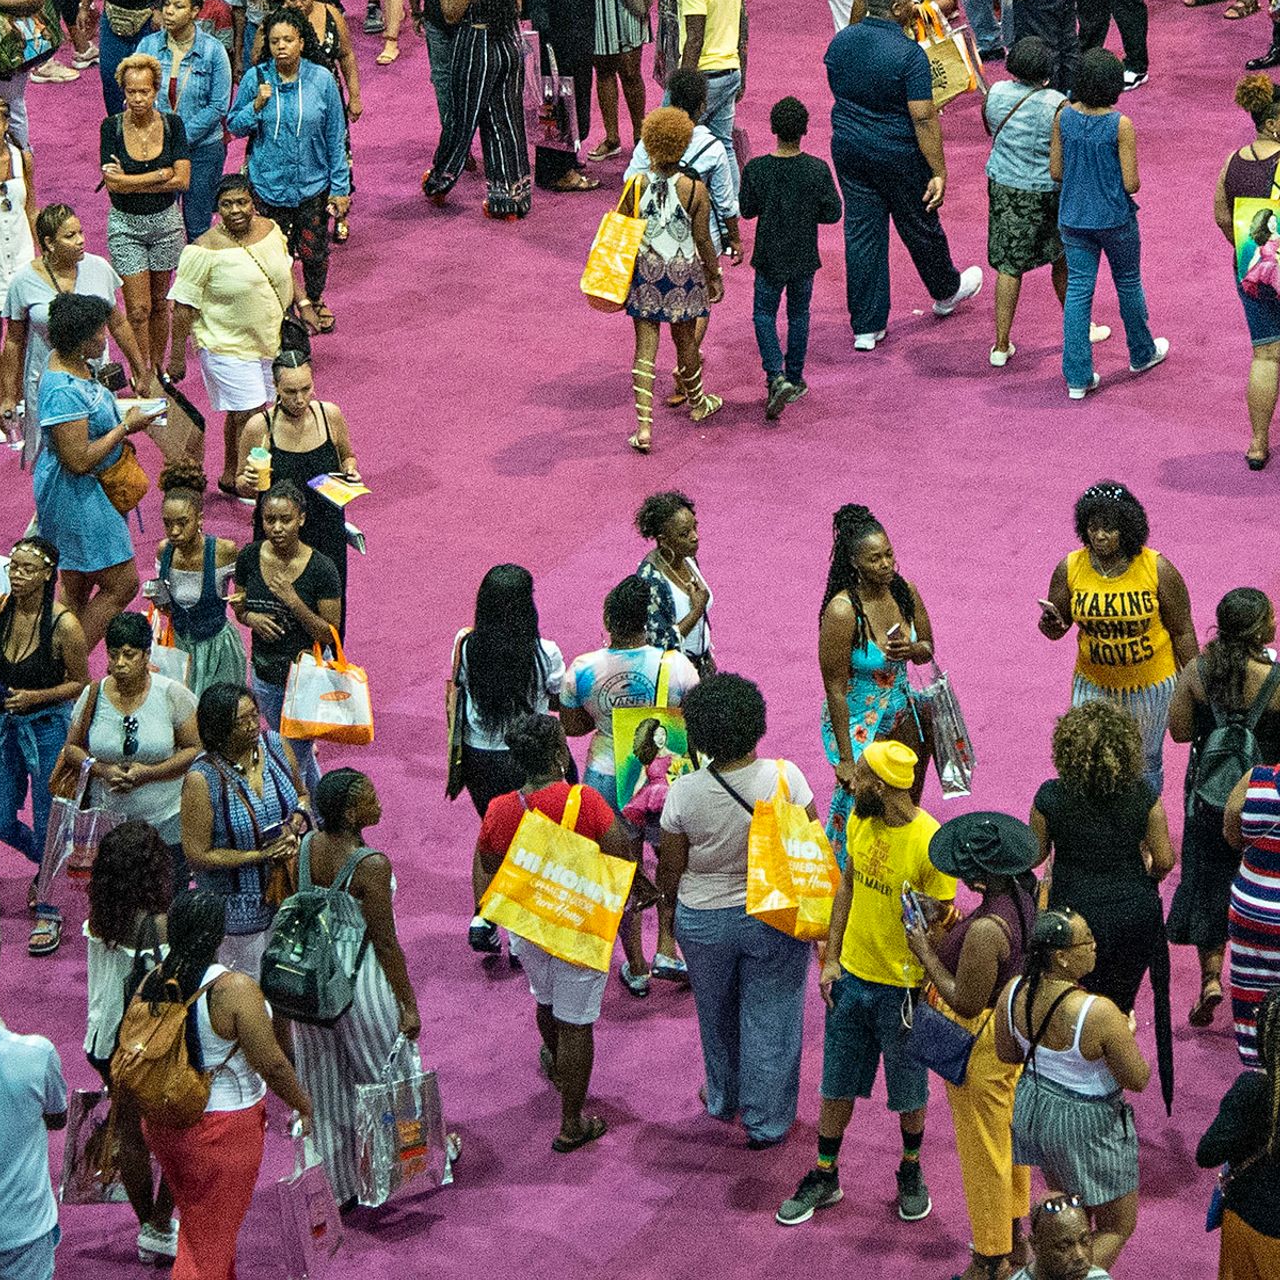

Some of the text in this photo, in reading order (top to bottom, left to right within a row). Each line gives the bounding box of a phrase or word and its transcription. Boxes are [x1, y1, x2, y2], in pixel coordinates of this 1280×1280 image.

[1073, 590, 1155, 617] MAKING
[1081, 618, 1151, 640] MONEY
[1088, 636, 1155, 667] MOVES
[513, 847, 542, 874] HI
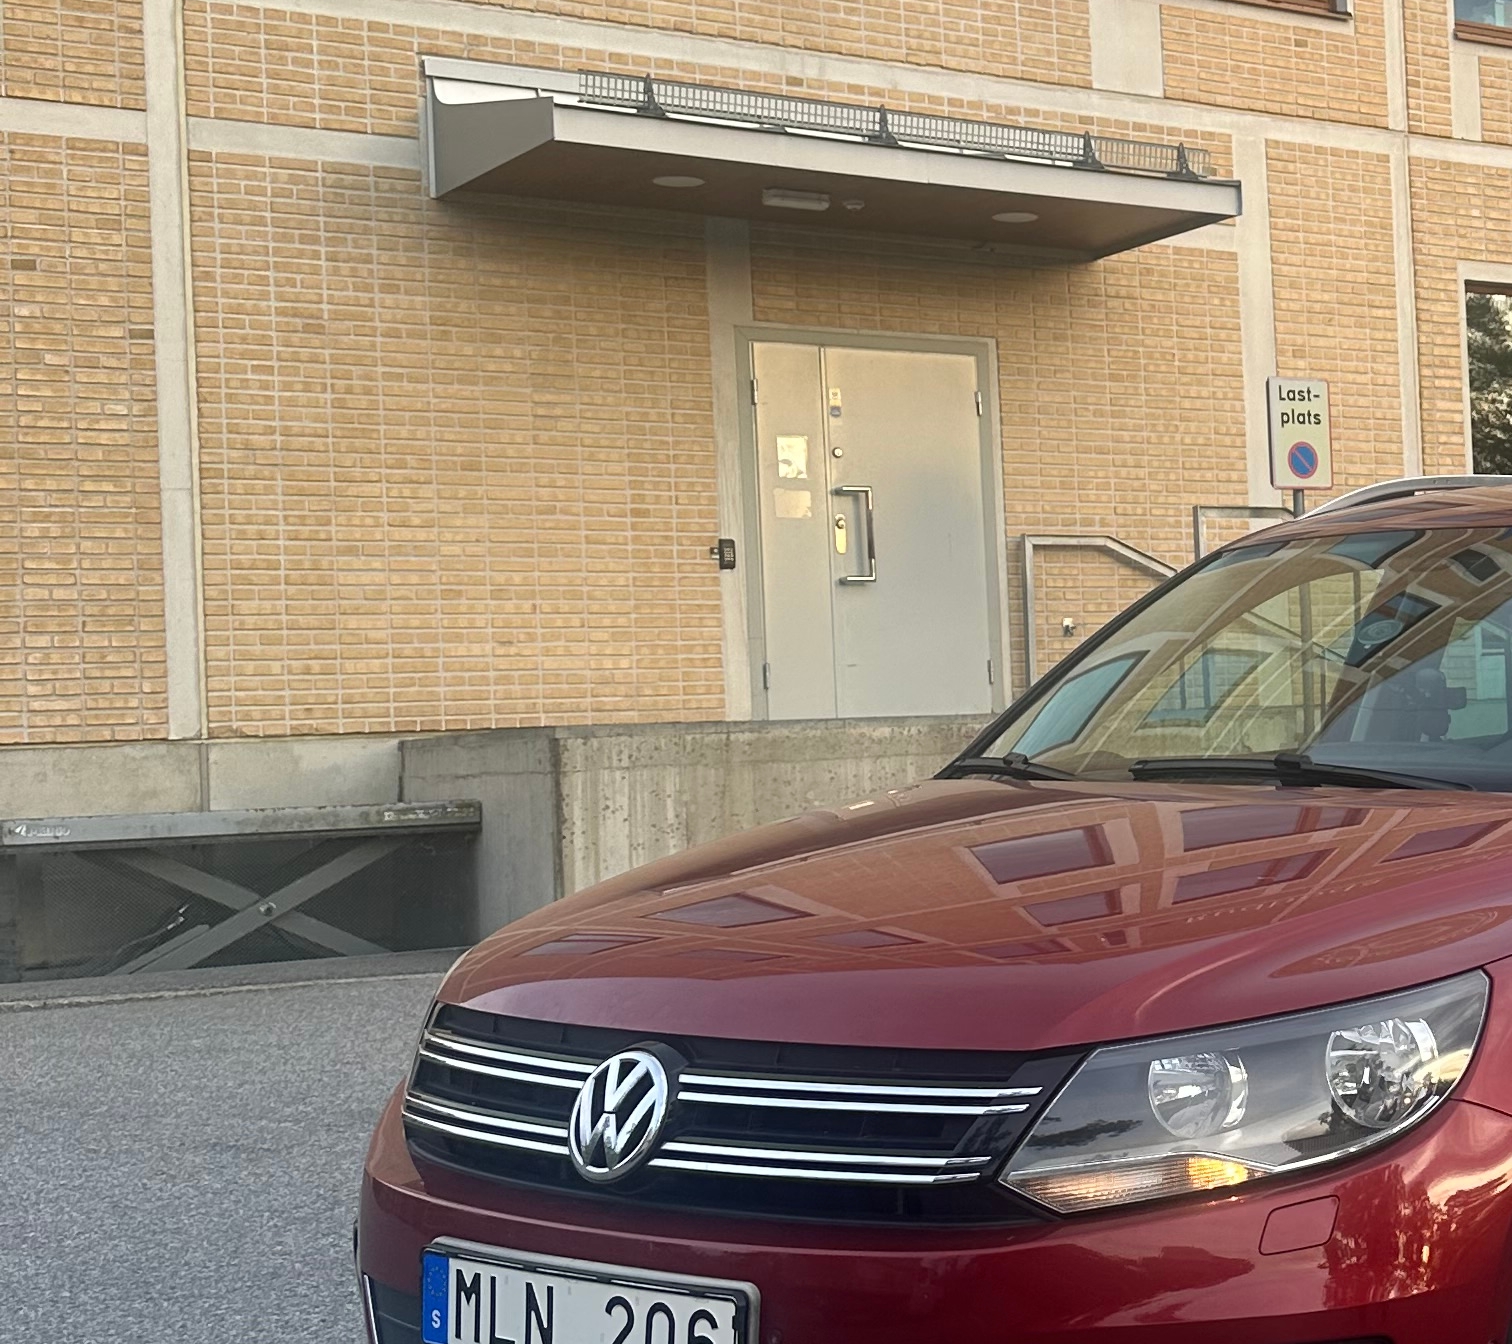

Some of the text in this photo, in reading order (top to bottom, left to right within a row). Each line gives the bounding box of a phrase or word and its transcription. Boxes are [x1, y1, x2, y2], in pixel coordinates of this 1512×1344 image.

[1278, 385, 1321, 402] Last-
[1280, 408, 1322, 428] plats
[431, 1309, 441, 1330] S
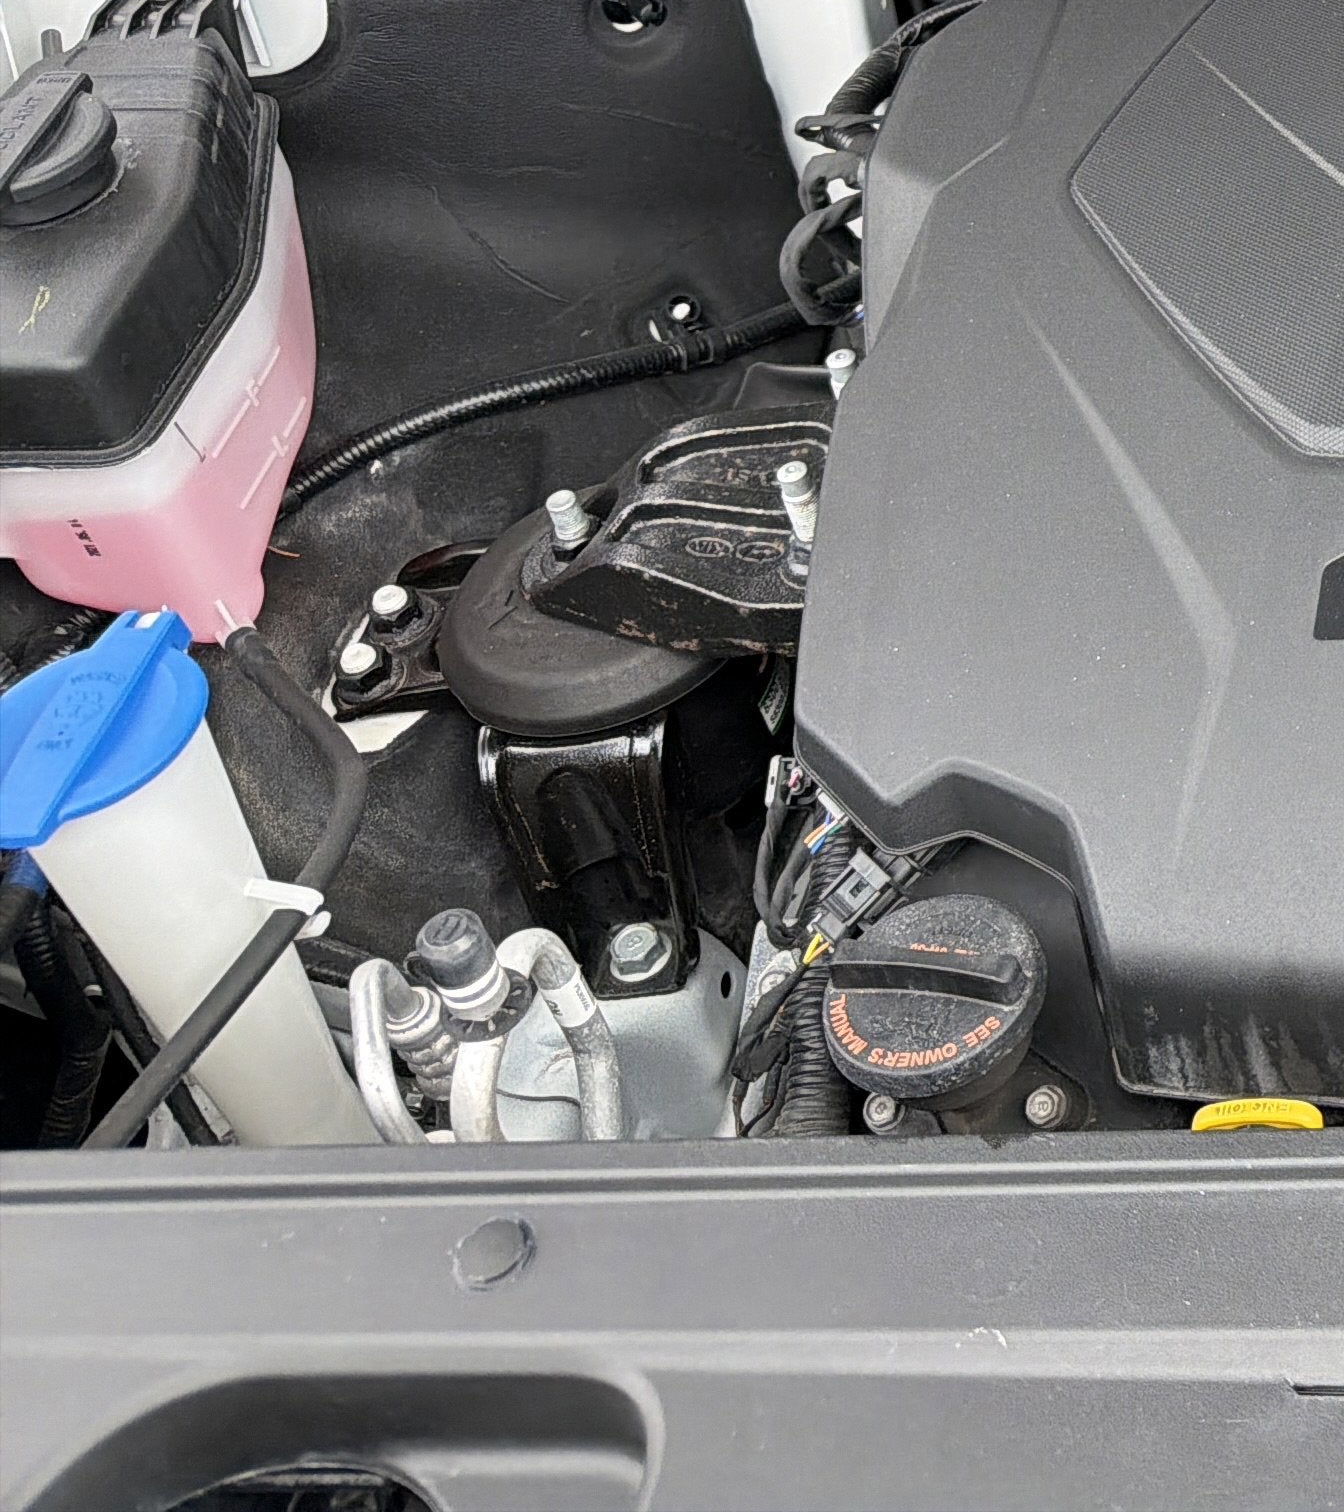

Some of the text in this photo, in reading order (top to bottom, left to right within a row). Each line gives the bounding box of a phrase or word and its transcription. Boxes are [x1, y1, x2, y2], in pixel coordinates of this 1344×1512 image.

[829, 993, 1001, 1068] SEE OWNER'S MANUAL
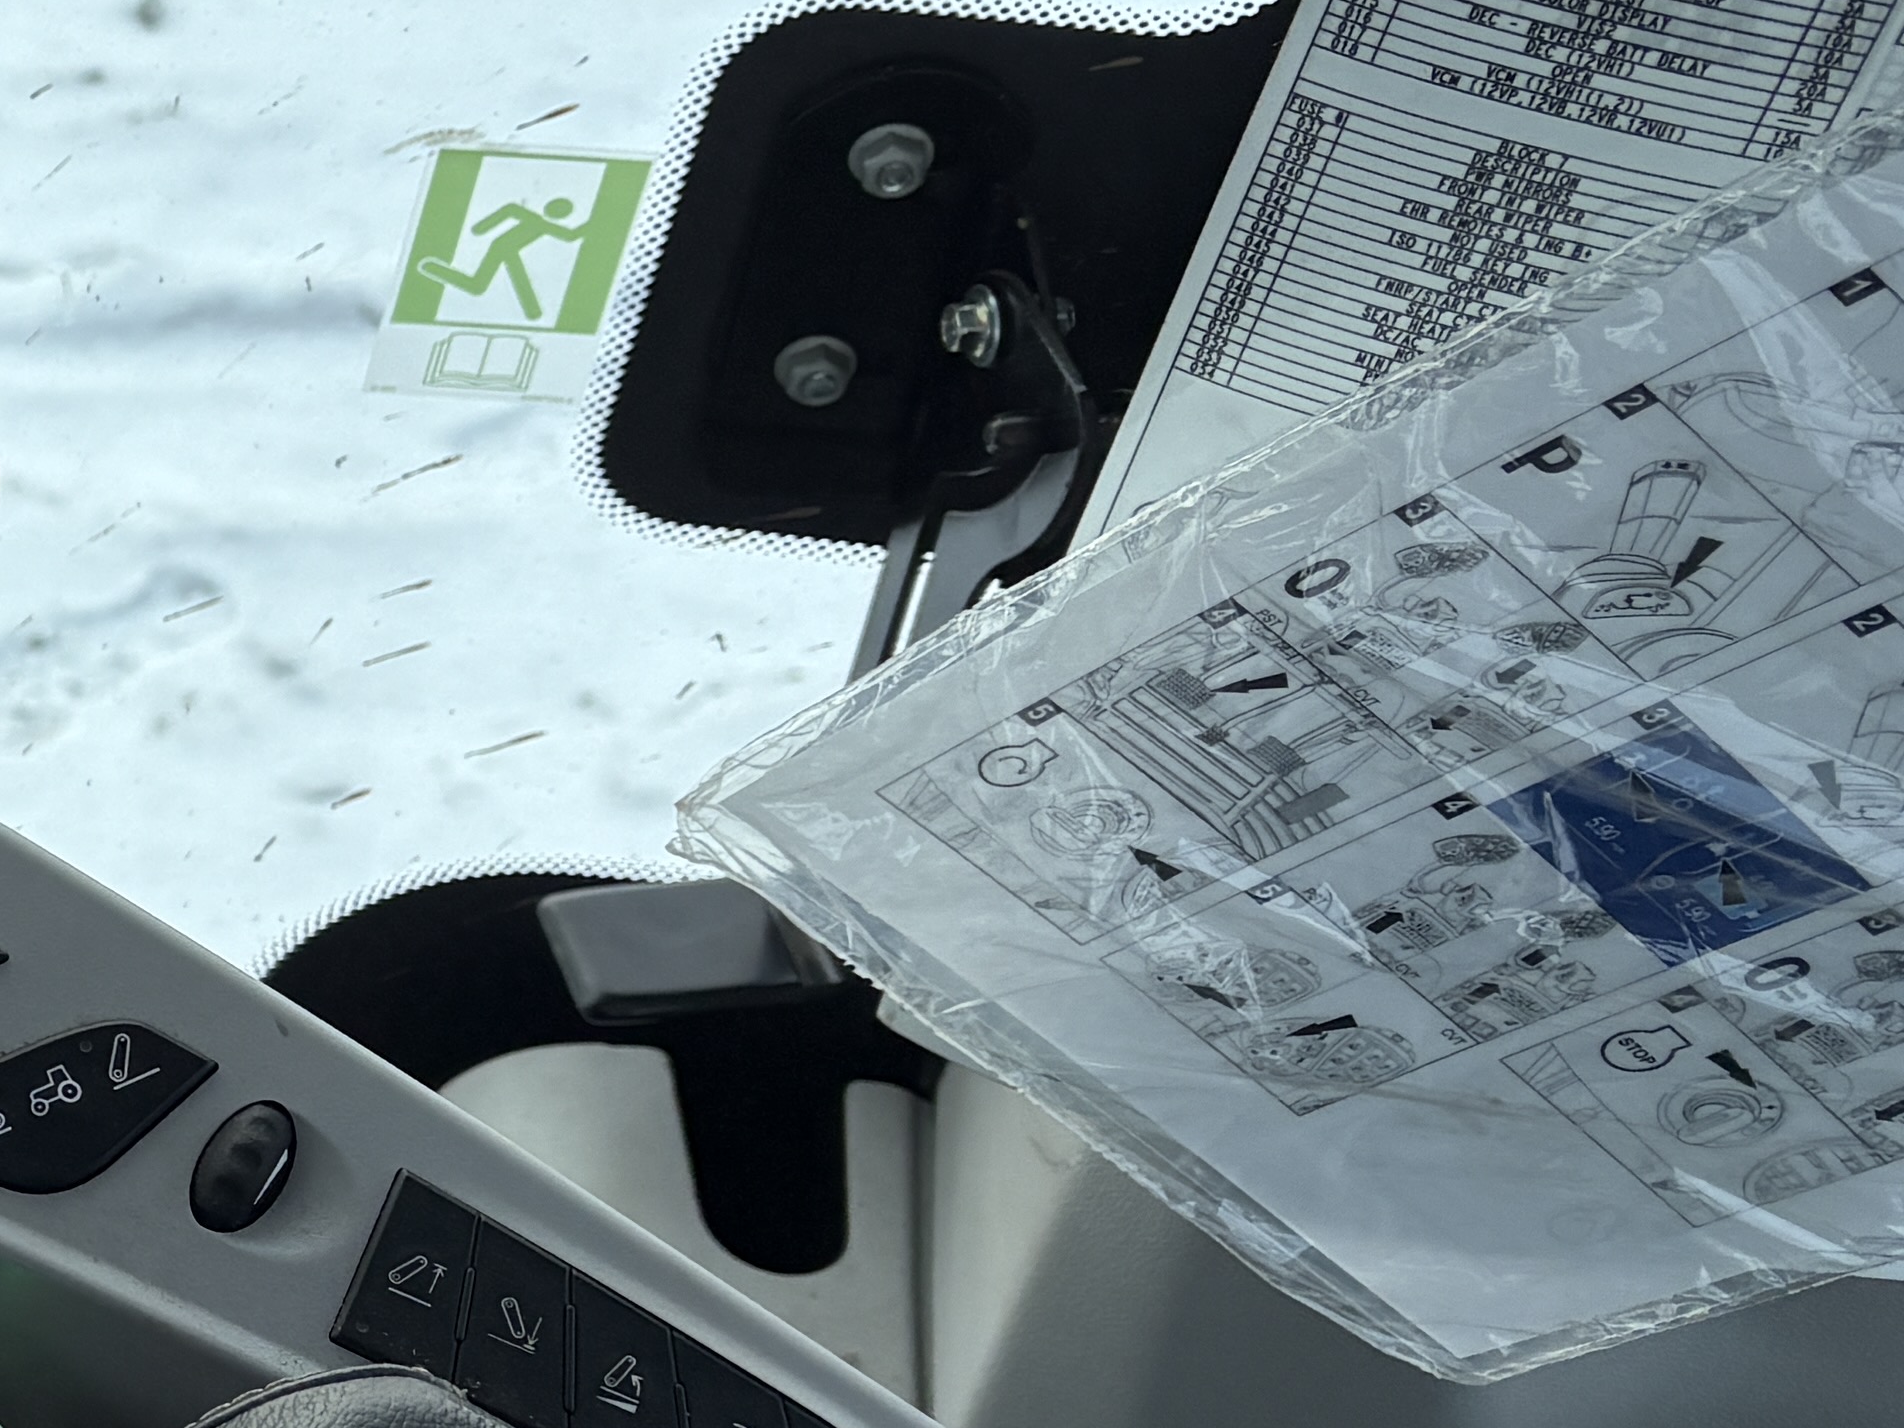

**What the task asks**
Say again, word for word, every line from the one with "this 1344×1512 image." through the last line of the data above, minus the pictures.

**Output of the exercise**
Some of the text in this photo, in reading order (top to bottom, left to right within a row). Each line gives the bounding box of a phrase or word and its transcription. Boxes are [x1, y1, x2, y2], in pixel coordinates of this 1344×1512 image.

[829, 993, 1001, 1068] SEE OWNER'S MANUAL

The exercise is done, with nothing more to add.